For a few minutes there was silence, each staring at the other.
“Are you with child?” Thomas finally asked.
She hesitated, then nodded.
“It is a child of sorcery. No doubt it will be born deformed and humped, and with the horns of a devil.”
Margaret winced, and turned her head away before Thomas could see that he had truly hurt her. She hugged her arms tight about her chest, wishing that someone, somewhere, would claim her and might love her.
“You mean to use this child against me.”
Margaret turned back to him. “I will never use this child against you!” Sweet Jesu, were all the Neville men in Christendom going to line up and accuse her of trying to trap them with this child?
“Then you mean me harm,” Thomas said, his voice flat.
“Nay. I do not… although I do not expect you to believe me.” In a gesture of uncertainty, or perhaps even impotence, Margaret lifted her hands and ran them back
through the burnished thickness of her hair, tipping her hood off her head with the movement.
The moonlight washed over her face, clothing her already lovely features with yet more beauty.
“I have been told,” Thomas said quietly, his eyes steady on her face, “by those you undoubtedly know, of the fate that awaits me should I fail in my resolve. Evil will snatch my soul, and mankind will fail… but only if I offer my soul to a woman.”
Margaret surprised him by laughing harshly. “Then what do you fear, Thomas?
Me? I do not want your soul! Besides, you must offer your soul, is that not so? It is not to be snatched, nor to be stolen, but must be offered. Thus,” her smile stretched, and became a grimace, “you are only in danger of failing should you allow your mortal weaknesses to overcome you.”

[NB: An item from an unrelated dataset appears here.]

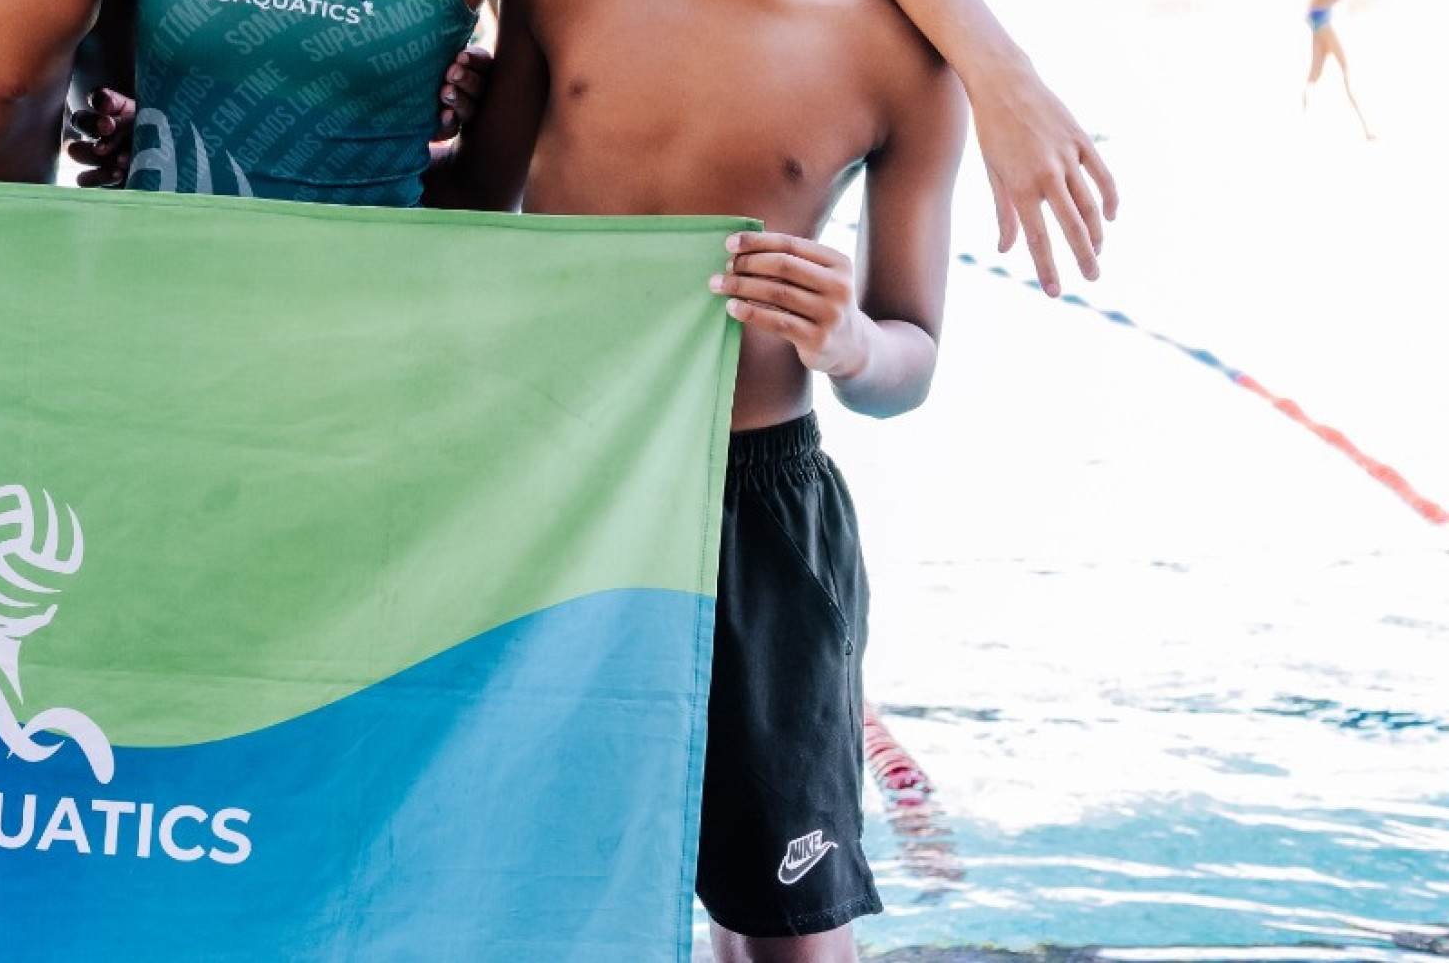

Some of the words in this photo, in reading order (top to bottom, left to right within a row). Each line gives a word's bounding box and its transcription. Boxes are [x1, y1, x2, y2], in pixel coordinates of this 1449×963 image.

[234, 60, 290, 107] TIME
[286, 69, 351, 116] LIMPO
[785, 830, 824, 870] NIKE

Her smile faded. “I am no danger to you, Thomas, unless you permit me to become a danger.”
She reached out, and touched his face so fleetingly he did not have time to draw back. “I am only a danger if you allow yourself to love … and I do not think there is much chance of that, do you?”
And before Thomas could find the words to answer, Margaret turned and walked back into the night.
MARGARET WALKED for an hour or more after she left Thomas, aimlessly, not caring where she went, only that she did not return to the castle too soon.
She wanted time to think, to absorb those fleeting few minutes with Thomas.
Sweet Jesu alone knew what had made her approach him. A desire simply to interact with him, she thought. A desire simply to be with him, even if only it meant his harsh words thrown her way.
At one point she stopped, and rested both her hands on her belly. His child grew in there, and her face softened, and she smiled. A child. She had always wanted so much her own children.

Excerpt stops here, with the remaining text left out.